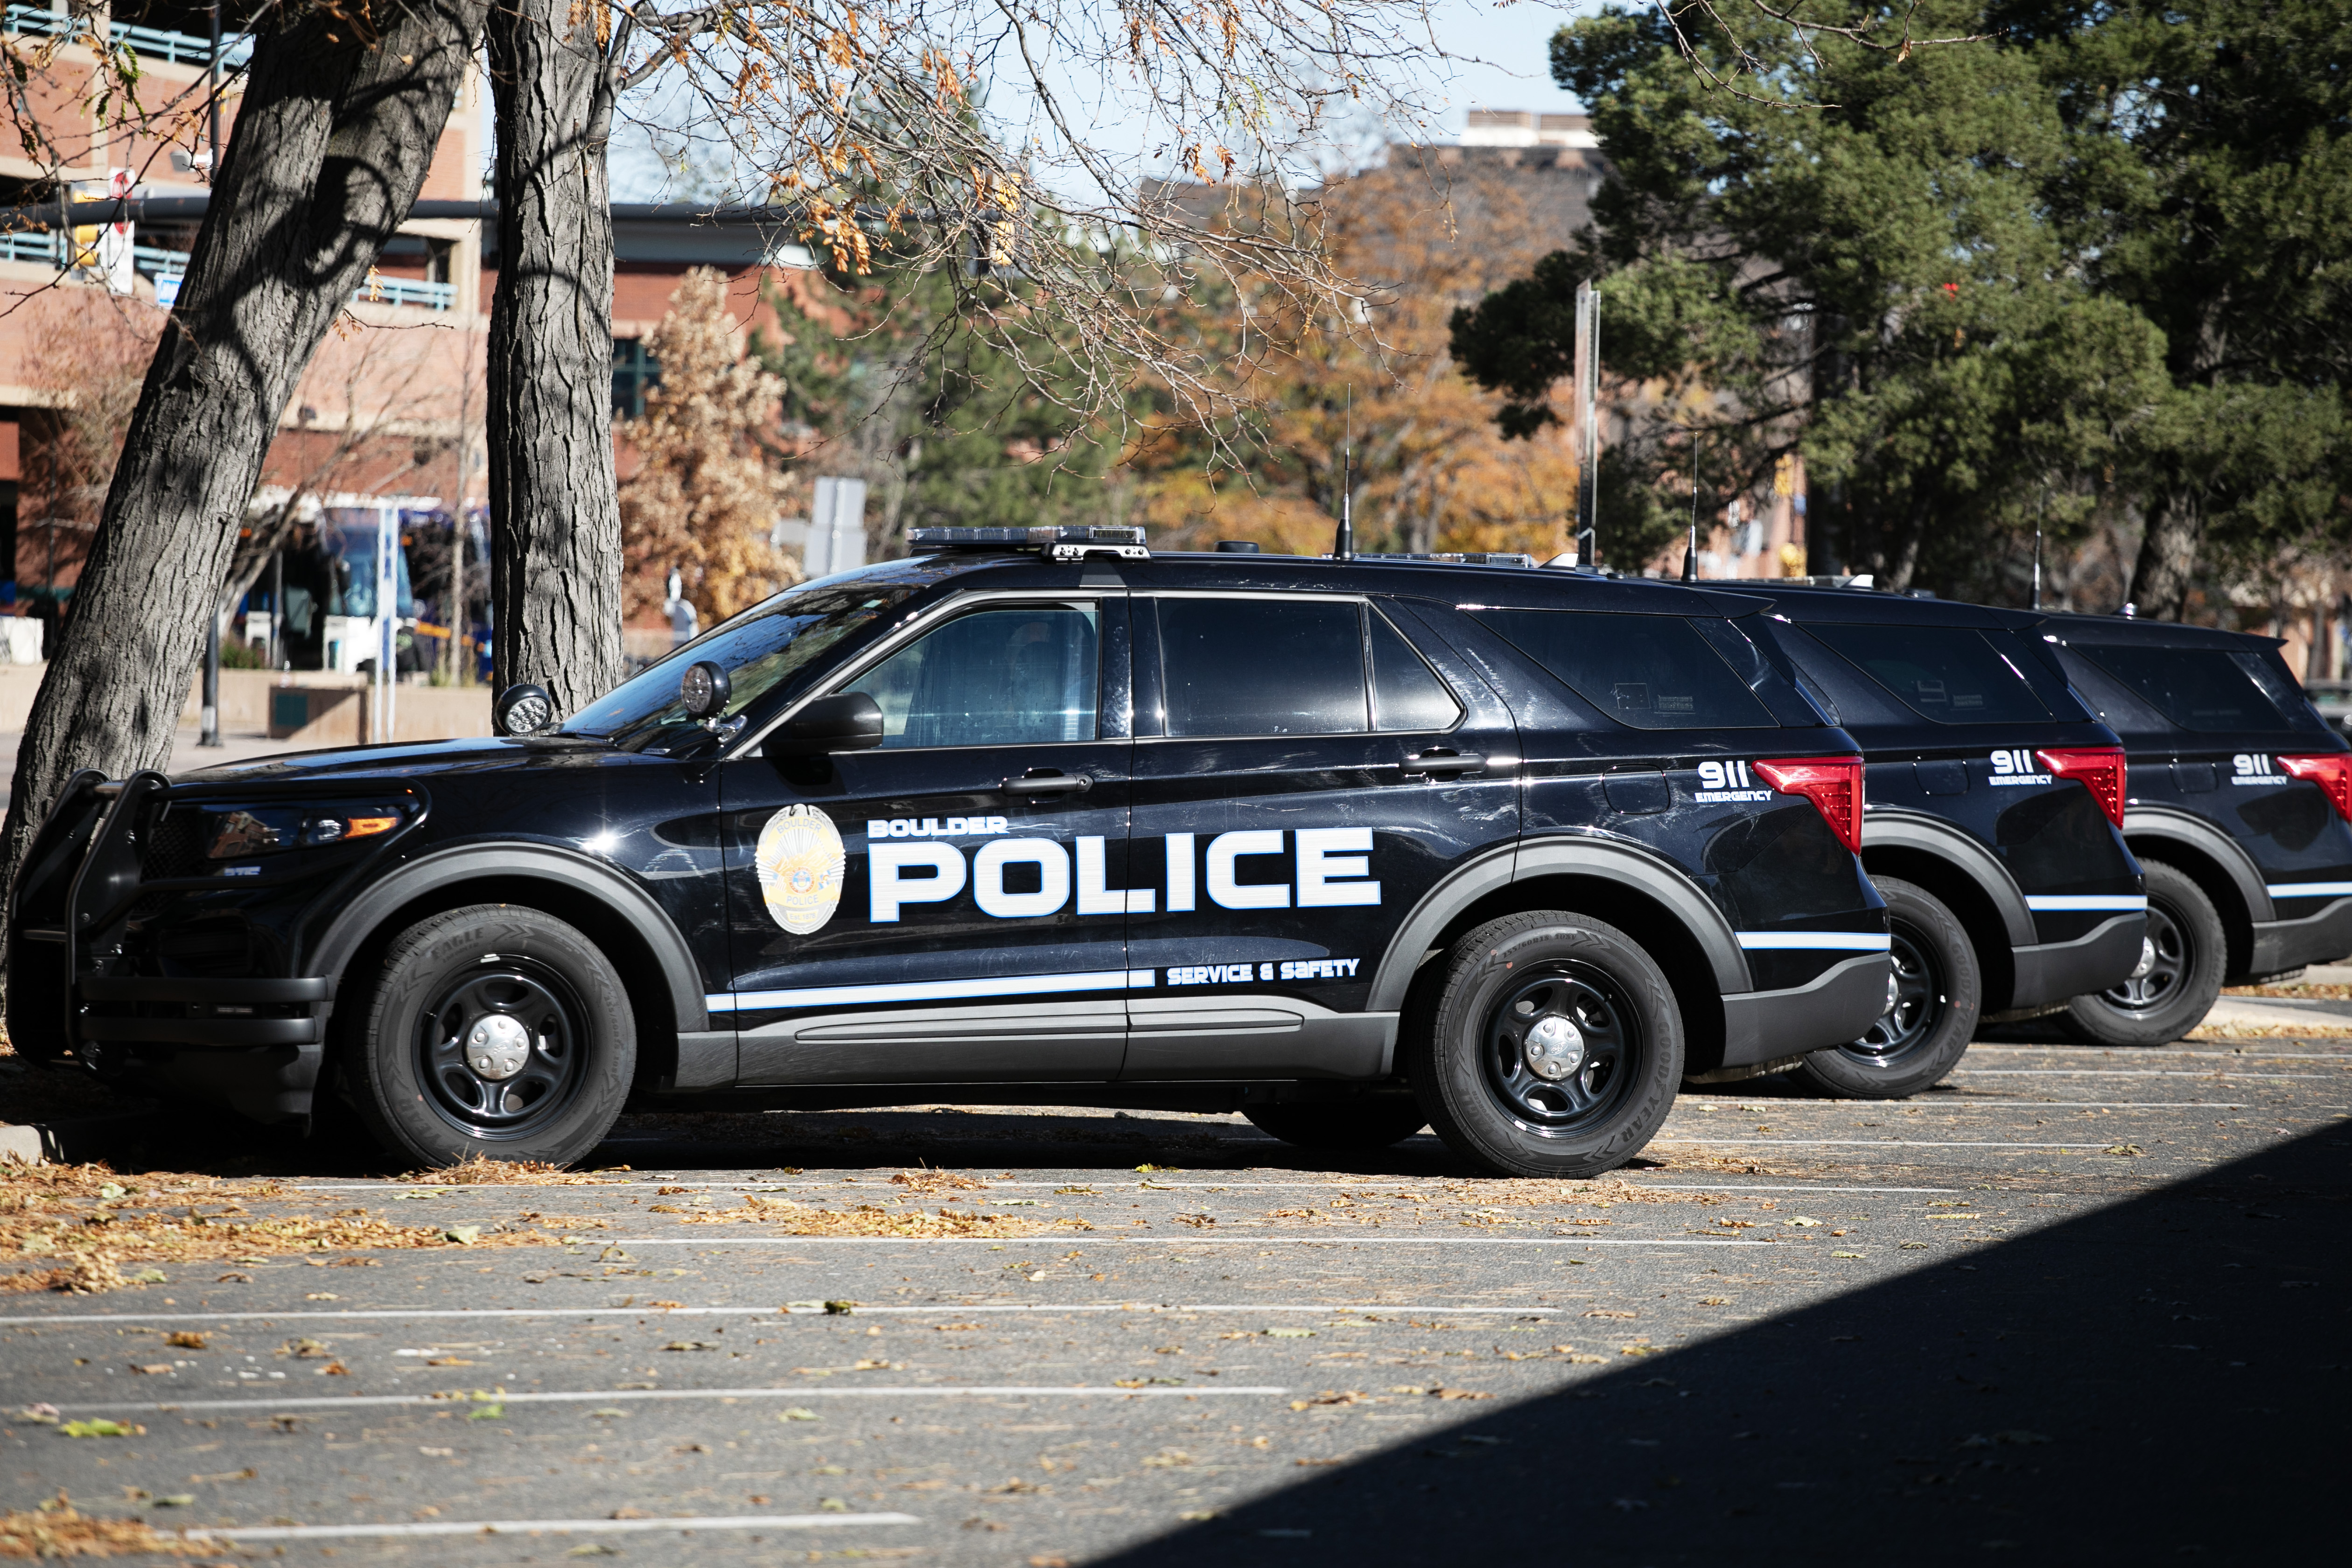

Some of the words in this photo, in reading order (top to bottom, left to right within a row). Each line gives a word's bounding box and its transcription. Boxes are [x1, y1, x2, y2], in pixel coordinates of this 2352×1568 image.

[1990, 749, 2034, 774] 911
[2233, 754, 2272, 775] 911
[1697, 760, 1750, 789] 911
[1988, 775, 2052, 786] EMERGENCY
[2231, 775, 2287, 786] EMERGENCY
[1694, 790, 1772, 803] EMERGENCY
[777, 818, 822, 834] BOULDER
[868, 816, 1010, 839] BOULDER
[868, 826, 1381, 923] POLICE
[786, 894, 819, 906] POLICE
[430, 927, 484, 960] EAGLE
[1167, 964, 1253, 986] SERVICE
[1260, 963, 1274, 980] &
[1456, 1088, 1496, 1136] EAGLE
[1471, 1090, 1496, 1124] ENFORCER

........

Exact repetition of all entries is required. The pictures should not appear.

FINAL ANSWER:
Some of the words in this photo, in reading order (top to bottom, left to right within a row). Each line gives a word's bounding box and its transcription. Boxes are [x1, y1, x2, y2], in pixel coordinates of this 2352×1568 image.

[1990, 749, 2034, 774] 911
[2233, 754, 2272, 775] 911
[1697, 760, 1750, 789] 911
[1988, 775, 2052, 786] EMERGENCY
[2231, 775, 2287, 786] EMERGENCY
[1694, 790, 1772, 803] EMERGENCY
[777, 818, 822, 834] BOULDER
[868, 816, 1010, 839] BOULDER
[868, 826, 1381, 923] POLICE
[786, 894, 819, 906] POLICE
[430, 927, 484, 960] EAGLE
[1167, 964, 1253, 986] SERVICE
[1260, 963, 1274, 980] &
[1456, 1088, 1496, 1136] EAGLE
[1471, 1090, 1496, 1124] ENFORCER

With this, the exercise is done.